Provided by: openswan_2.6.23+dfsg-1ubuntu1_i386 bug

NAME

       ipsec showhostkey - show host’s authentication key

SYNOPSIS

       ipsec showhostkey [--ipseckey [gateway]] [--key] [--left] [--right]
             [--dump] [--verbose] [--version] [--list] [--x509self]
             [--x509req] [--x509cert] [--txt gateway] [--dhclient]
             [--file secretfile] [--keynum count] [--id identity]

DESCRIPTION

       Showhostkey outputs (on standard output) a public key suitable for this
       host, in the format specified, using the host key information stored in
       /etc/ipsec.secrets. In general only the super-user can run this
       command, since only he can read ipsec.secrets.

       The --txt option causes the output to be in opportunistic-encryption
       DNS TXT record format, with the specified gateway value. If information
       about how the key was generated is available, that is provided as a
       DNS-file comment. For example, --txt 10.11.12.13 might give (with the
       key data trimmed for clarity):

             ; RSA 2048 bits   xy.example.com   Sat Apr 15 13:53:22 2000
                 IN TXT  "X-IPsec-Server(10)=10.11.12.13 AQOF8tZ2...+buFuFn/"

       No name is supplied in the TXT record because there are too many
       possibilities, depending on how it will be used. If the text string is
       longer than 255 bytes, it is split up into multiple strings (matching
       the restrictions of the DNS TXT binary format). If any split is needed,
       the first split will be at the start of the key: this increases the
       chances that later hand editing will work.

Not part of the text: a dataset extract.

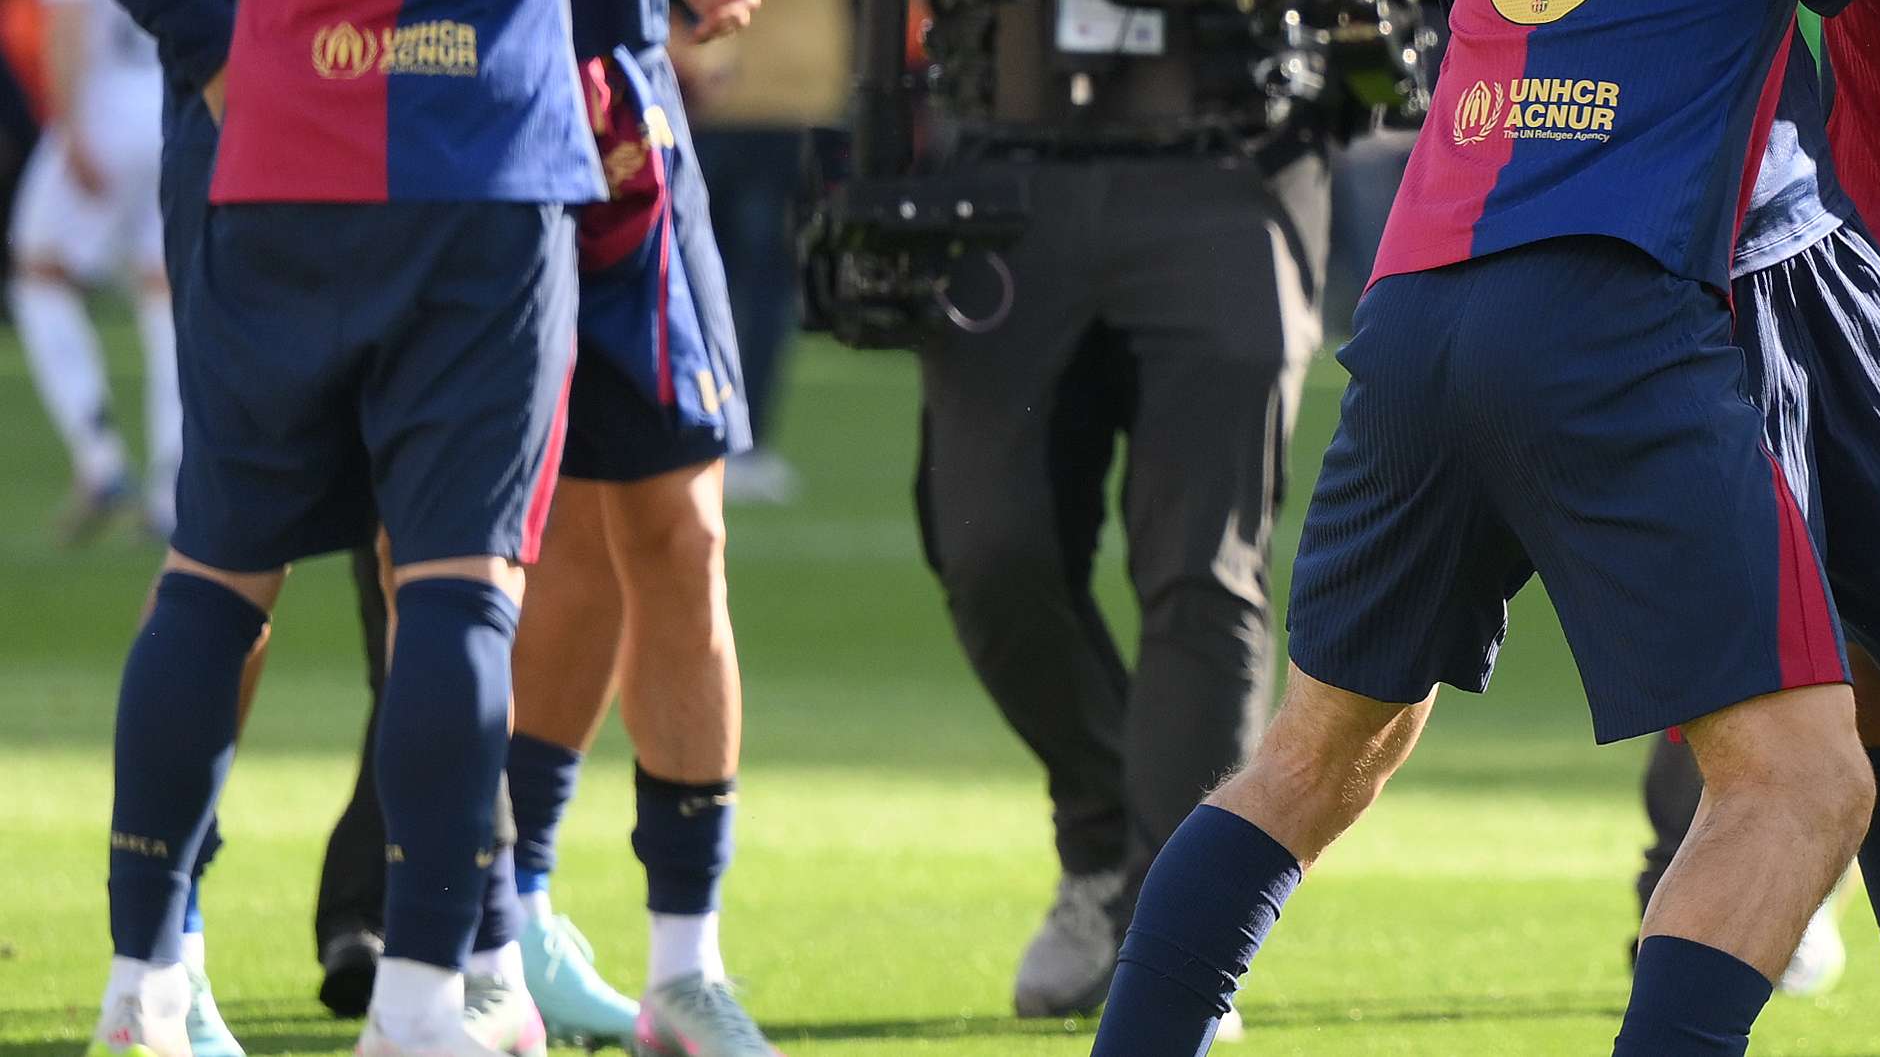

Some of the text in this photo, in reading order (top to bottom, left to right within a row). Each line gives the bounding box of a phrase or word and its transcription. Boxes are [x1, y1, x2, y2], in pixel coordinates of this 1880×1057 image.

[1509, 78, 1620, 108] UNHCR
[1504, 103, 1616, 132] ACNUR
[1503, 129, 1610, 143] The UN Refugee Agency

       The --version option causes the version of the binary to be emitted,
       and nothing else.

       The --verbose may be present one or more times. Each occurance
       increases the verbosity level.

       The --left and --right options cause the output to be in ipsec.conf(5)
       format, as a leftrsasigkey or rightrsasigkey parameter respectively.
       Again, generation information is included if available. For example,
       --left might give (with the key data trimmed down for clarity):

             # RSA 2048 bits   xy.example.com   Sat Apr 15 13:53:22 2000
             leftrsasigkey=0sAQOF8tZ2...+buFuFn/

       The --dhclient option cause the output to be suitable for inclusion in
       dhclient.conf(5) as part of configuring WAVEsec. See
       <http://www.wavesec.org>.

       If --ipseckey is specified, the output format is the text form of a DNS
       IPSECKEY record (see RFC4025); the host name is the one included in the
       key information (or, if that is not available, the output of
       hostname --fqdn), with a .  appended. The gateway information, if
       provided, is is included, otherwise, the gateway is assumed to be self,
       and to be of type FQDN. Generation information is included if
       available. For example (with the key data trimmed down for clarity):

             ; RSA 2048 bits   xy.example.com   Sat Apr 15 13:53:22 2000
             xy.example.com.   IN   IPSECKEYKEY   floyd albert

       If --key is specified, the output format is the text form of a DNS KEY
       record; the host name is the one included in the key information (or,
       if that is not available, the output of hostname --fqdn), with a .
       appended. The IPSEC usage of the DNS KEY is deprecated (see RFC3445),
       use IPSECKEY. Again, generation information is included if available.
       For example (with the key data trimmed down for clarity):

             ; RSA 2048 bits   xy.example.com   Sat Apr 15 13:53:22 2000
             xy.example.com.   IN   KEY   0x4200 4 1 AQOF8tZ2...+buFuFn/

       Normally, the default key for this host (the one with no host
       identities specified for it) is the one extracted. The --id option
       overrides this, causing extraction of the key labeled with the
       specified identity, if any. The specified identity must exactly match
       the identity in the file; in particular, the comparison is
       case-sensitive.

       There may also be multiple keys with the same identity. All keys are
       numbered based upon their linear sequence in the file (including all
       include directives)

       The --file option overrides the default for where the key information
       should be found, and takes it from the specified secretfile.

DIAGNOSTICS

       A complaint about “no pubkey line found” indicates that the host has a
       key but it was generated with an old version of FreeS/WAN and does not
       contain the information that showhostkey needs.

FILES

       /etc/ipsec.secrets

SEE ALSO

       ipsec.secrets(5), ipsec.conf(5), ipsec_rsasigkey(8)

HISTORY

       Written for the Linux FreeS/WAN project <http://www.freeswan.org> by
       Henry Spencer.

BUGS

       Arguably, rather than just reporting the no-IN-KEY-line-found problem,
       showhostkey should be smart enough to run the existing key through
       rsasigkey with the --oldkey option, to generate a suitable output line.

       The need to specify the gateway address (etc.) for --txt is annoying,
       but there is no good way to determine it automatically.

       There should be a way to specify the priority value for TXT records;
       currently it is hardwired to 10.

       The --id option assumes that the identity appears on the same line as
       the : RSA { that begins the key proper.